TASK BRIEF: Give an unaltered copy of the listing below, minus its pictures.

/---

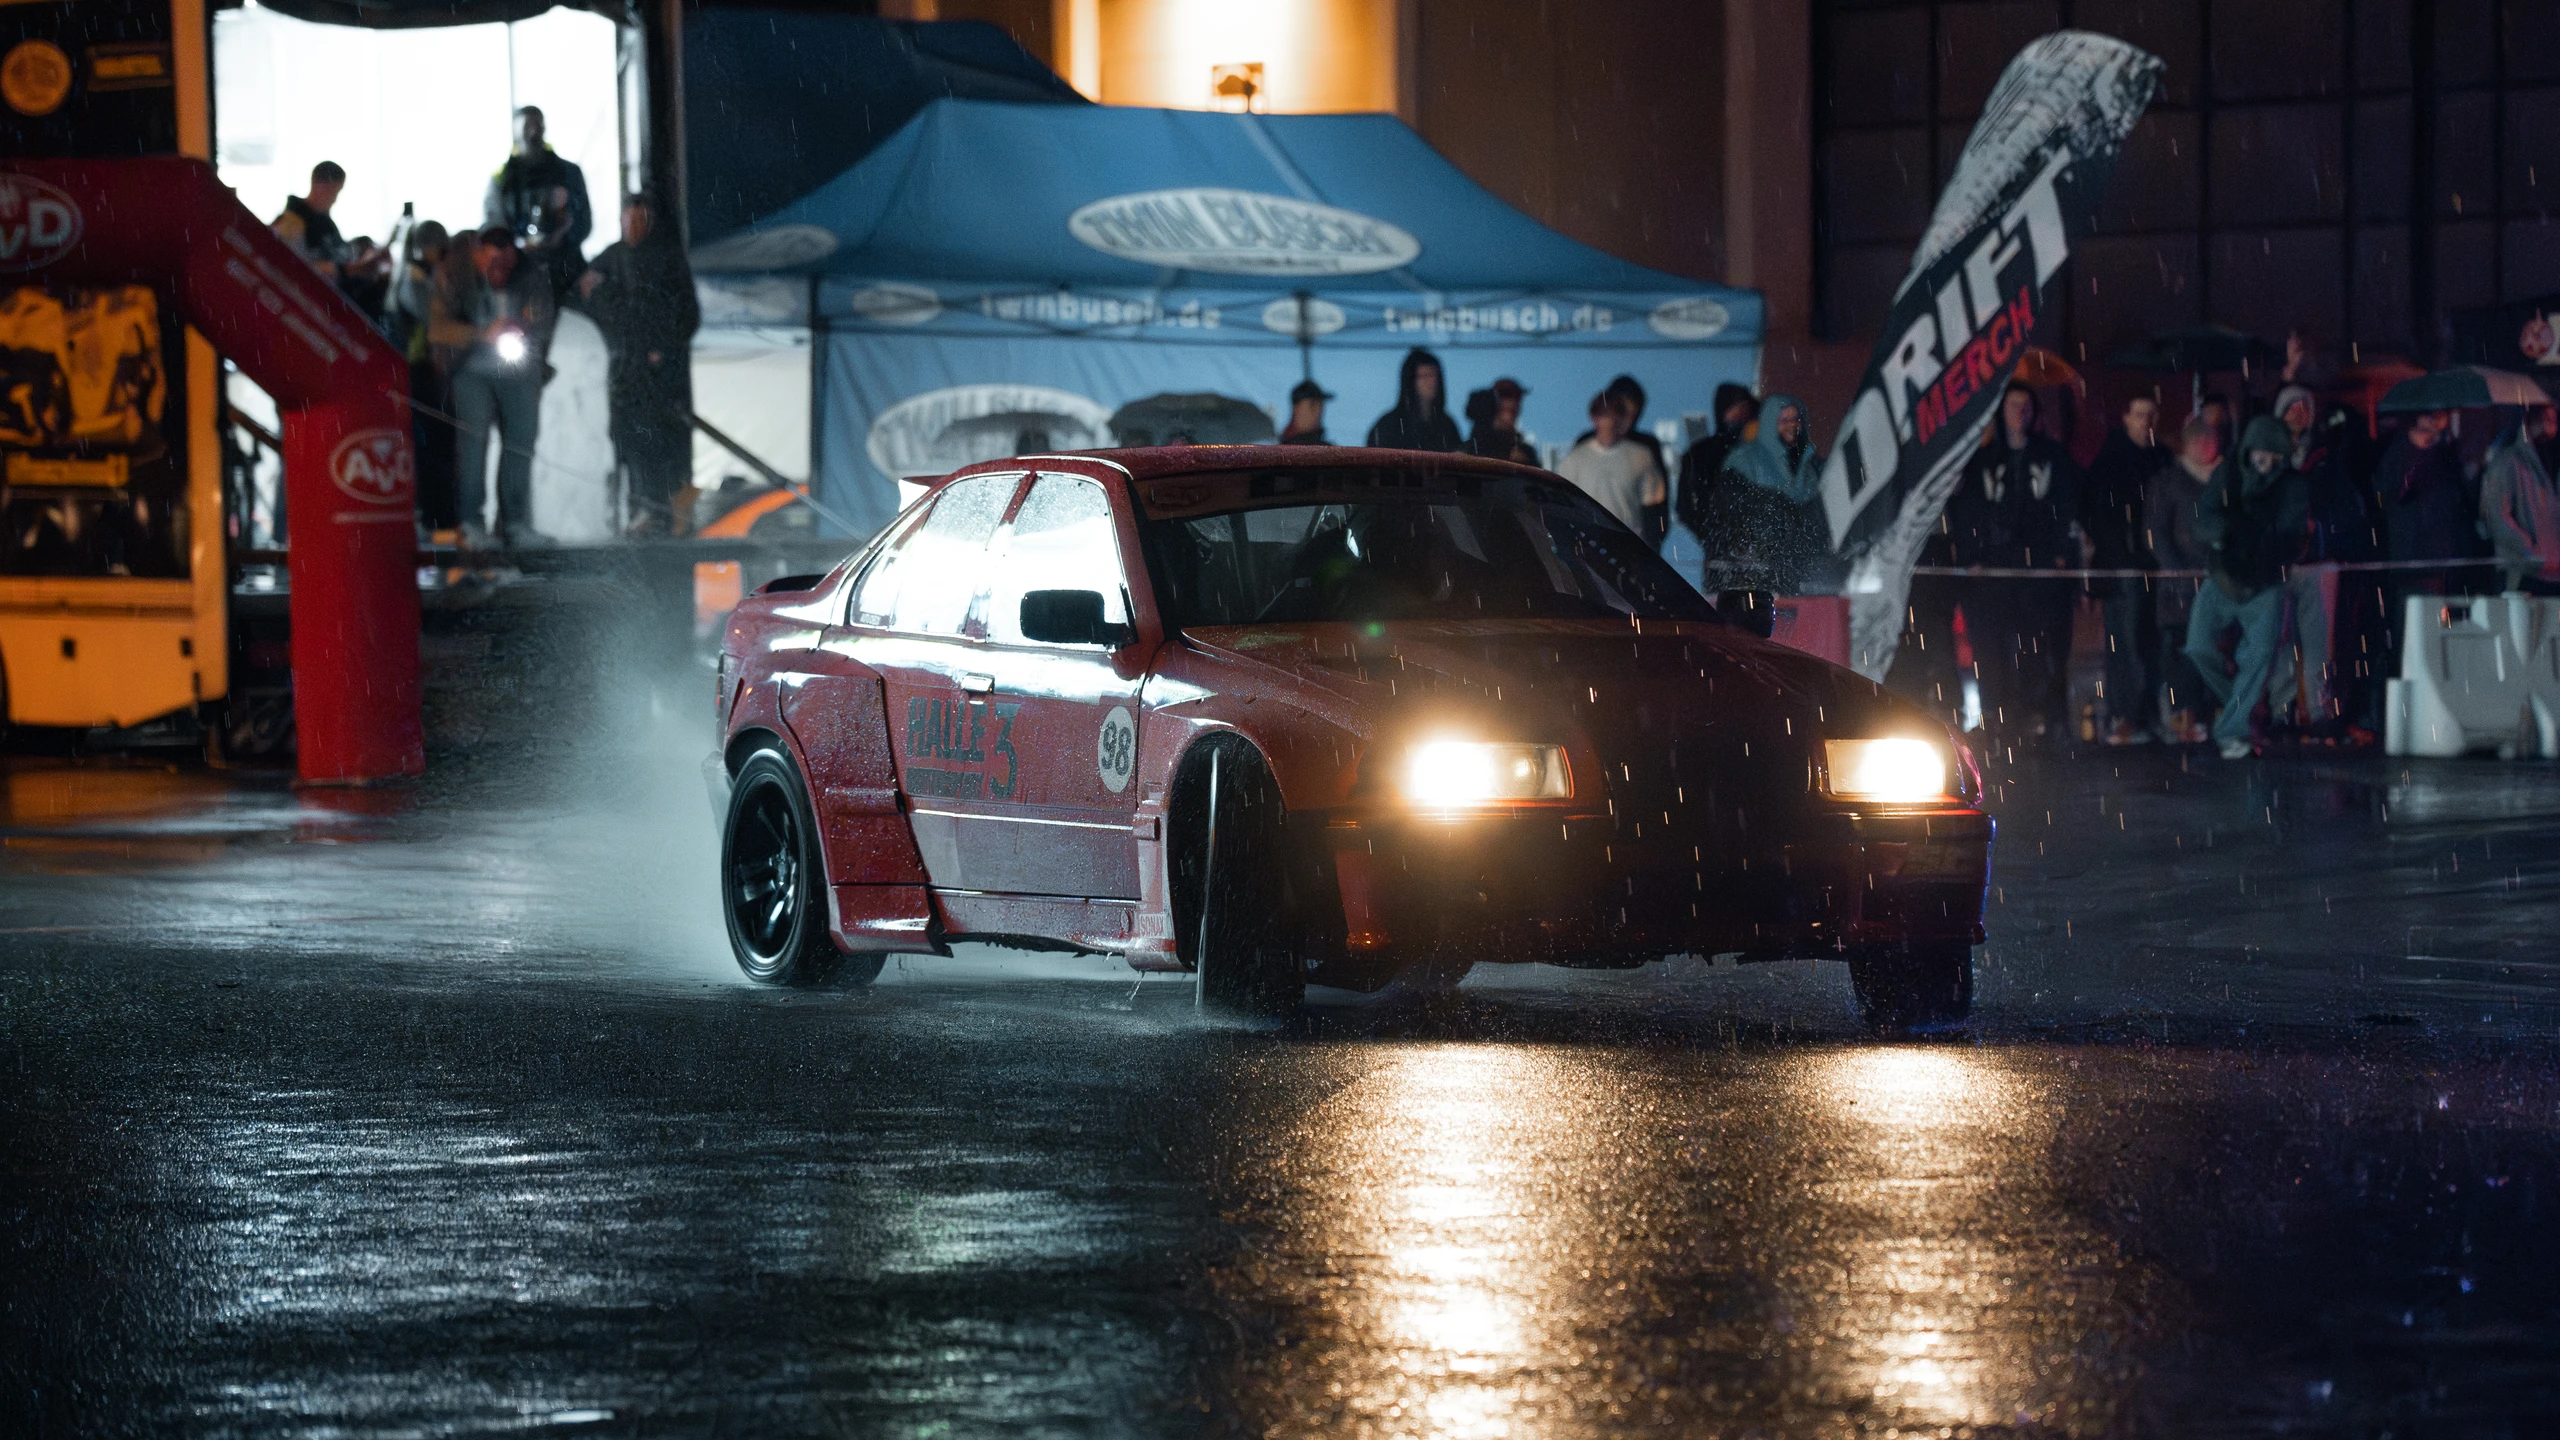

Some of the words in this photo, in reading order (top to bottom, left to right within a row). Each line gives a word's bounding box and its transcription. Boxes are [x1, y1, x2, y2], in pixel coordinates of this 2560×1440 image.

[1818, 144, 2070, 551] DRIFT
[1916, 284, 2035, 445] MERCH
[906, 696, 988, 763] HALLE
[990, 702, 1023, 800] 3
[1101, 720, 1132, 776] 98

\---

RESULT OF THE EXERCISE:
Some of the words in this photo, in reading order (top to bottom, left to right within a row). Each line gives a word's bounding box and its transcription. Boxes are [x1, y1, x2, y2], in pixel coordinates of this 2560×1440 image.

[1818, 144, 2070, 551] DRIFT
[1916, 284, 2035, 445] MERCH
[906, 696, 988, 763] HALLE
[990, 702, 1023, 800] 3
[1101, 720, 1132, 776] 98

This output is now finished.